Partition Coefficients at Normal Body Temperature: Water/Gas: 0.36. Blood/Gas: 0.63-0.69. Olive Oil/Gas: 47.2-53.9. Brain/Blood: 1.7. Heart/Blood: 1.78. Liver/Blood: 1.85. Kidney/Blood: 1.15.
Mean Partition Coefficients at 25°C (Component/Gas): Conductive Rubber: 14. Butyl Rubber: 7.7. Polyvinylchloride: 17.4. Polyethylene: 1.3. Purity by Gas Chromatography: 99.975% or better.
Flammability: Not flammable.
Pharmacology: Sevoflurane is an inhalation anaesthetic agent for use in induction and maintenance of general anaesthesia. Administration has been associated with a smooth, rapid loss of consciousness during inhalation induction and a rapid recovery following discontinuation of anaesthesia. Minimum alveolar concentration (MAC) of sevoflurane in oxygen reported for a 40-year adult is 2.1%. The MAC of sevoflurane decreases with age and with the addition of nitrous oxide.
Induction is accomplished with a minimum of excitement or of signs of upper respiratory irritation, no evidence of excessive secretions within the tracheobronchial tree and no central nervous system stimulation. Changes in the depth of sevoflurane anaesthesia rapidly follow changes in the inspired concentration. The times for induction and recovery were reduced in paediatric who received sevoflurane in clinical studies.
The depth of anaesthesia changes rapidly following changes in the inspired concentration of sevoflurane. Emergence and recovery are particularly rapid. Therefore, patients may require early postoperative pain relief.
As with all other inhalation agents, sevoflurane depresses cardiovascular function in a dose-related fashion. No evidence of seizure has been documented.
Sevoflurane has minimal effect on intracranial pressure (ICP) and preserved carbon dioxide, responsiveness in patients with normal ICP. Its safety has not been investigated in patients with a raised ICP. Sevoflurane should be administered cautiously in conjunction with ICP-reducing maneuvers eg, hyperventilation in those patients who are at risk for elevations of ICP.
The low solubility of sevoflurane in blood should result in alveolar concentrations which rapidly increase upon induction and rapidly decrease upon cessation of the inhaled agent.
In humans, <5% of the absorbed sevoflurane is metabolised. The rapid and extensive pulmonary elimination of sevoflurane minimise the amount of anaesthetics available for metabolism. Sevoflurane is defluorinated via cytochrome P450 (CYP) 2E1 resulting in the production  of hexafluoroisopropanol (HFIP) with release of inorganic fluoride and carbon dioxide (or a carbon fragment). HFIP is then rapidly conjugated with glucuronic acid and excreted in the urine.
The metabolism of sevoflurane may be increased by known CYP2E1 inducers (eg, isoniazid and alcohol) but it is not inducible by barbiturates.
Transient increases in serum inorganic fluoride levels may occur during and after sevoflurane anaesthesia.
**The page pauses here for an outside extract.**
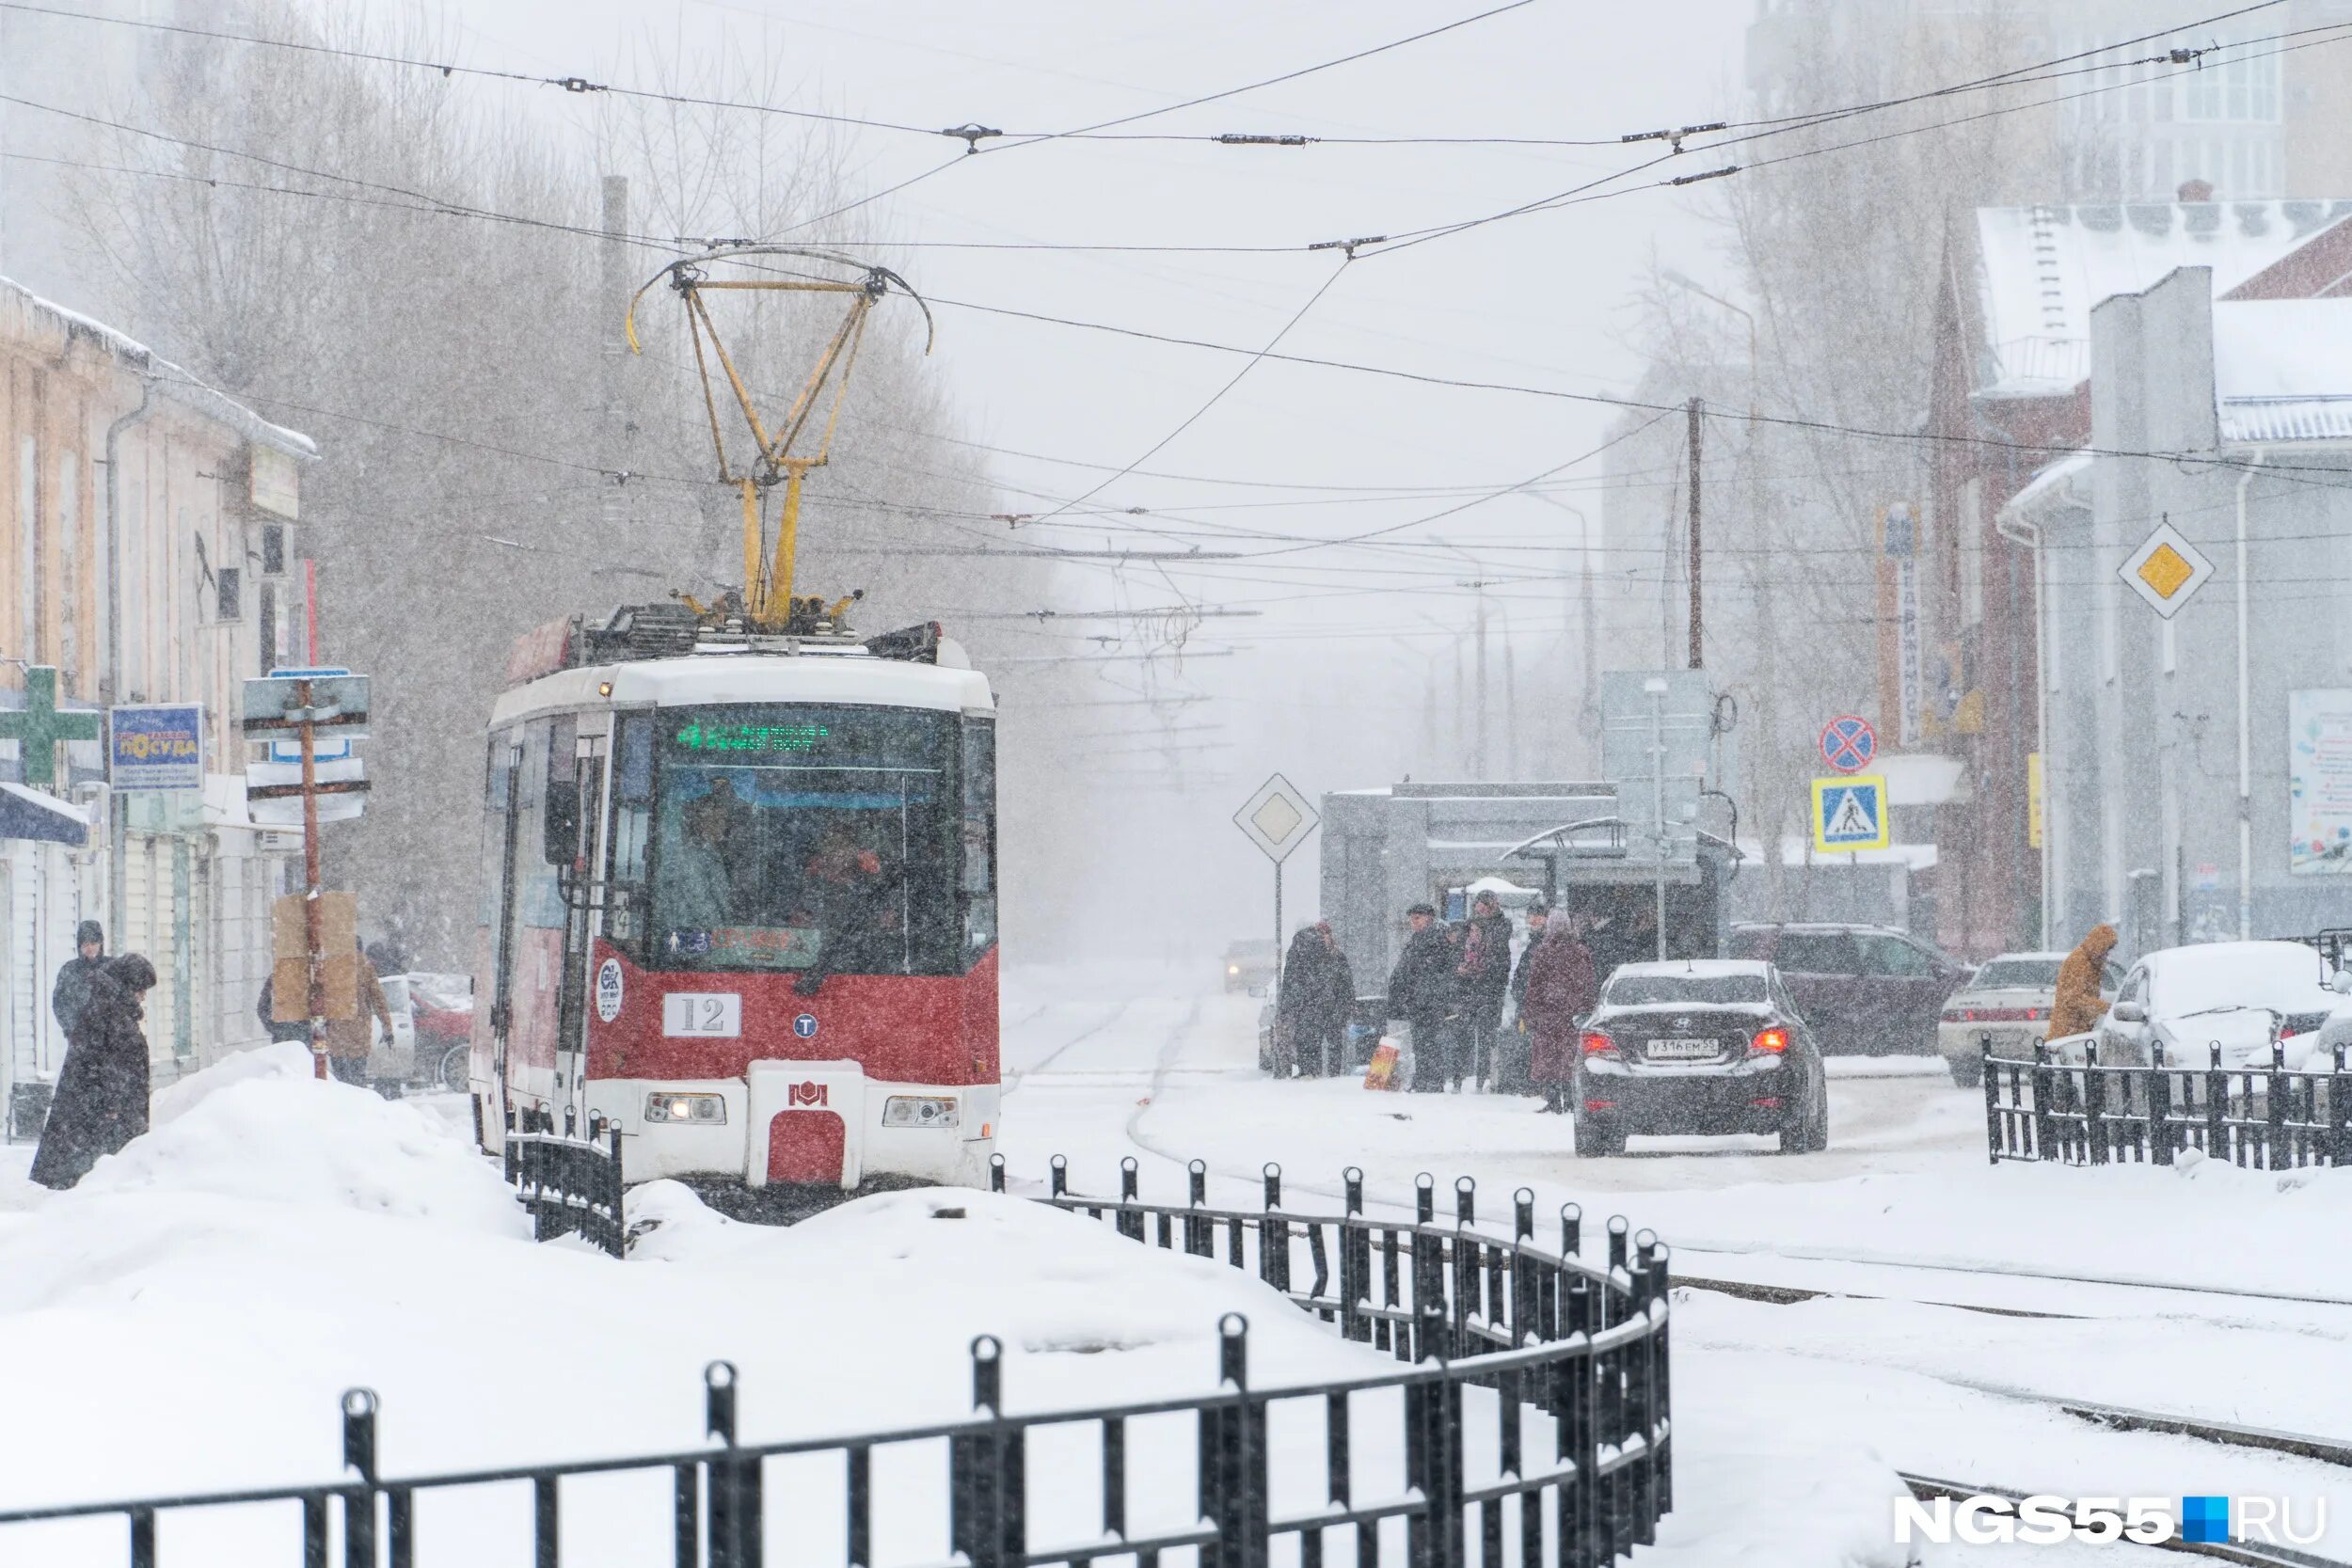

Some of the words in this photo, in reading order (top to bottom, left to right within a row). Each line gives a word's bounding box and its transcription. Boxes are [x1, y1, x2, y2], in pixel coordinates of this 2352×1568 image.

[1902, 561, 1918, 743] НЕДВИЖИМОСТЬ
[119, 734, 197, 759] ПОСУДА
[682, 998, 723, 1031] 12
Generally, concentrations of inorganic fluoride peak within 2 hrs of the end of sevoflurane anaesthesia and return within 48 hrs to pro-operative levels.
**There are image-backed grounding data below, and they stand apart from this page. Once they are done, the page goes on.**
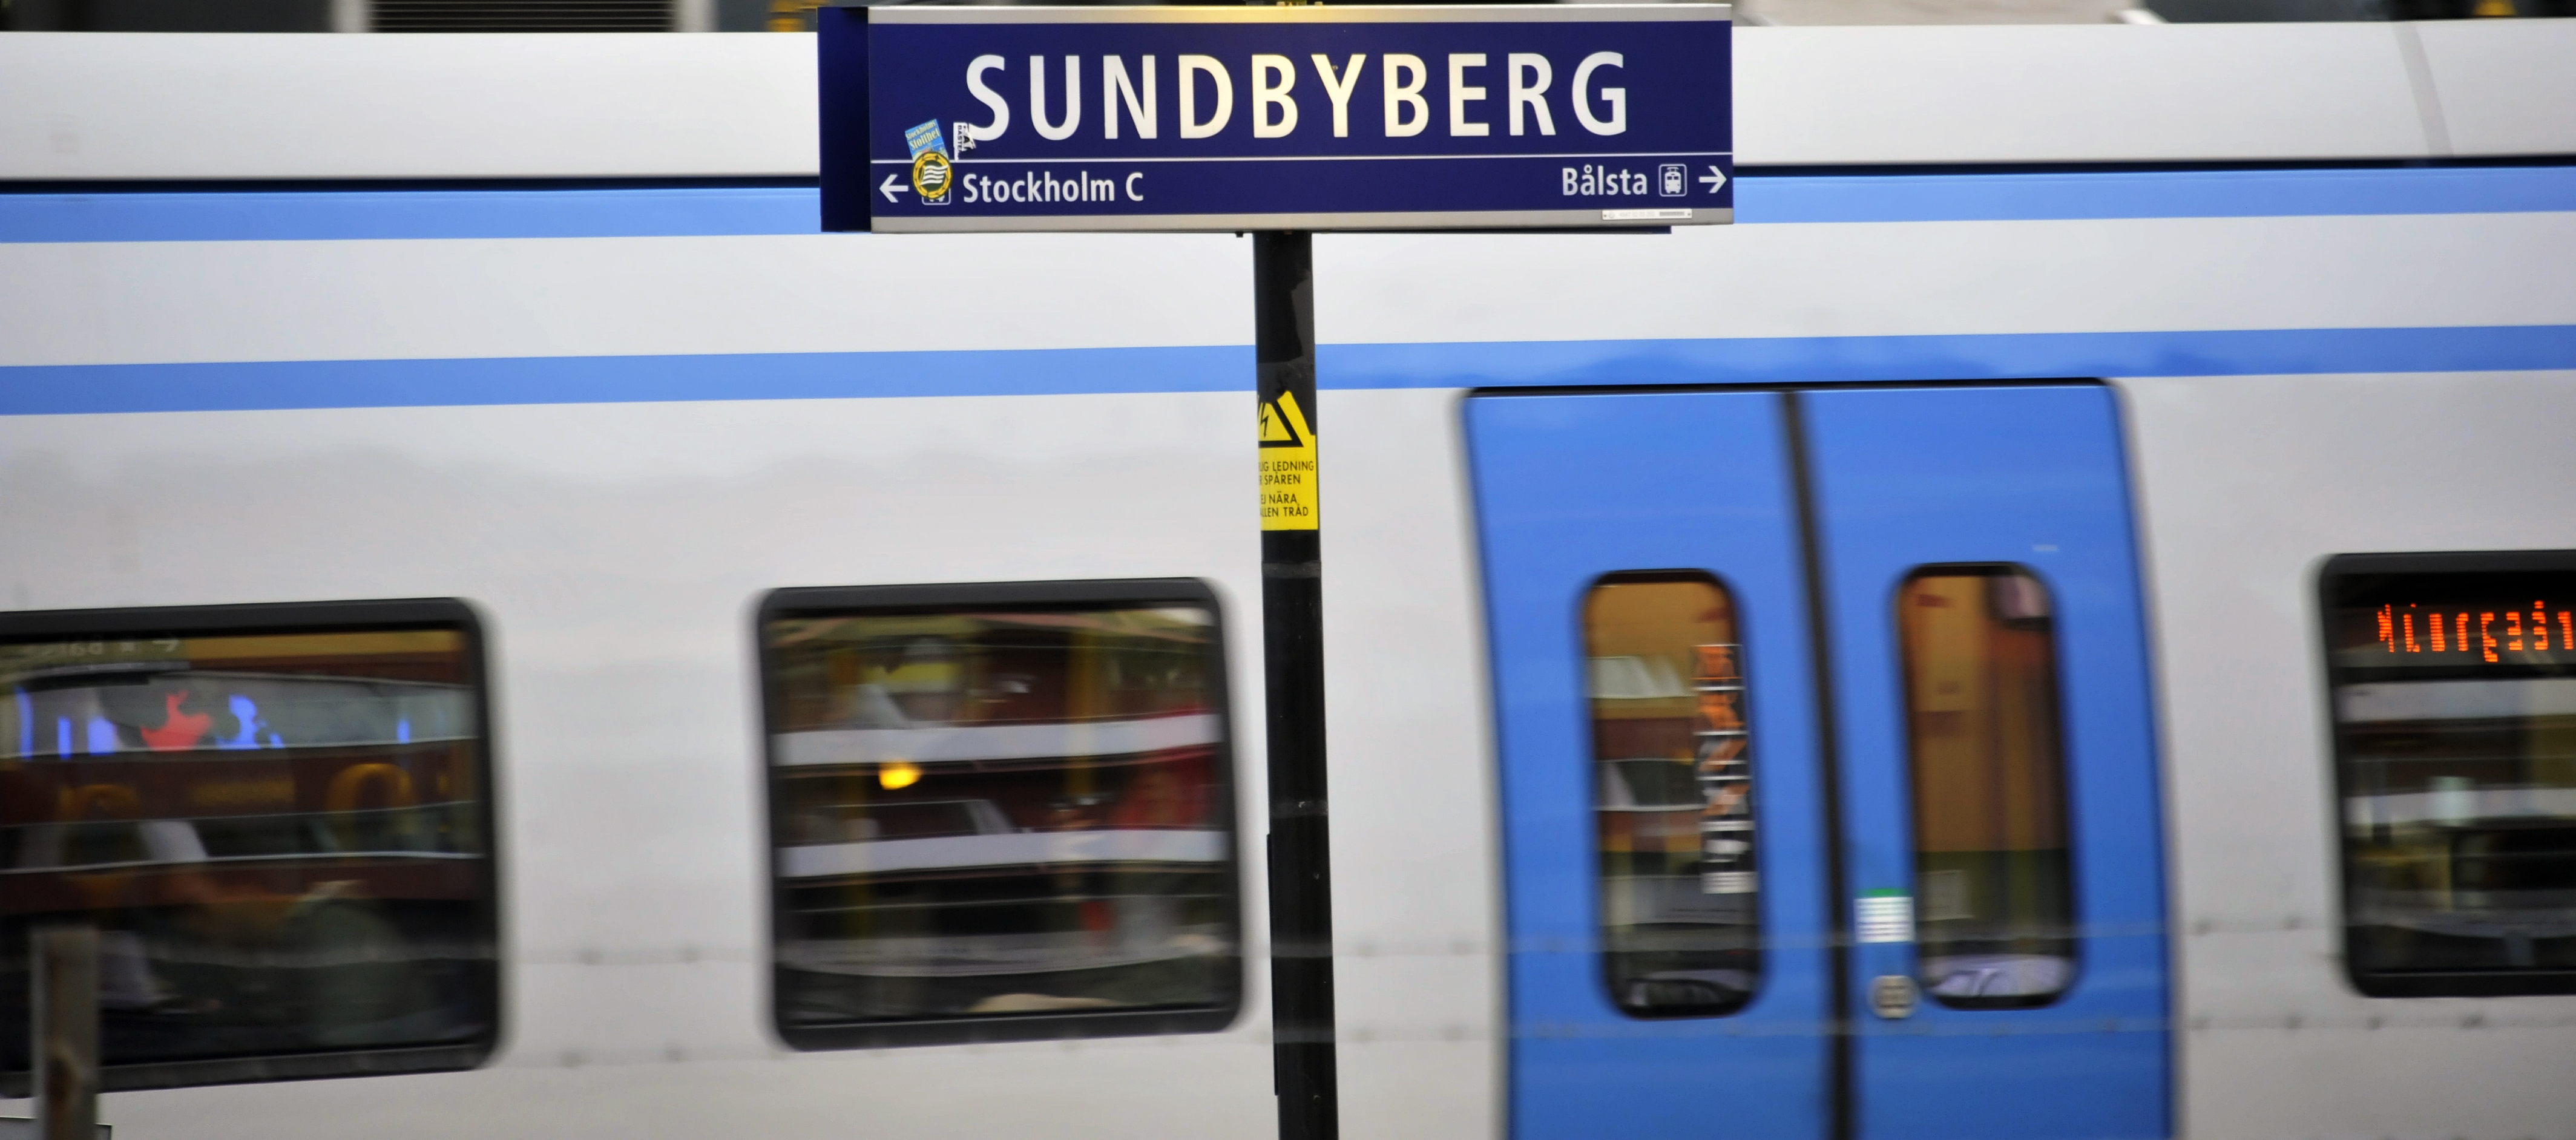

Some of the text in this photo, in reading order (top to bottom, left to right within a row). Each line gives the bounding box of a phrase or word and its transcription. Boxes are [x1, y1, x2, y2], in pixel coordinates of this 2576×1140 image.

[966, 51, 1627, 141] SUNDBYBERG
[905, 120, 936, 139] Stockholms
[909, 128, 941, 150] Stolthet
[963, 171, 1144, 203] Stockholm C
[1562, 165, 1648, 195] Bålsta
[1272, 461, 1314, 472] LEDNING
[1264, 472, 1301, 485] SPÅREN
[1269, 491, 1297, 504] NÄRA
[1283, 503, 1309, 517] TRÅD
For induction and maintenance of general anaesthesia for surgery in both adults and children.
Dosage/Direction for Use
Premedication: Premedication should be selected at the discretion of the anaesthetist, taking into consideration the need of the individual patient. The use of anticholinergic drugs is a matter of choice.
Induction: Dosage should be individualised and titrated to the desired effect according to the patient's age and clinical status.
Anaesthesia can be induced in adults and children with sevoflurane.
A short-acting barbiturate or other IV induction agent may be administered followed by inhalation of sevoflurane.
Induction with sevoflurane may be achieved in oxygen or in combination with oxygen-nitrous oxide mixtures.
Adults: Inspired concentrations of up to sevoflurane 5% usually produce surgical anaesthesia in <2 min.
Children: Inspired concentrations of up to sevoflurane 7% usually produce surgical anaesthesia in <2 min.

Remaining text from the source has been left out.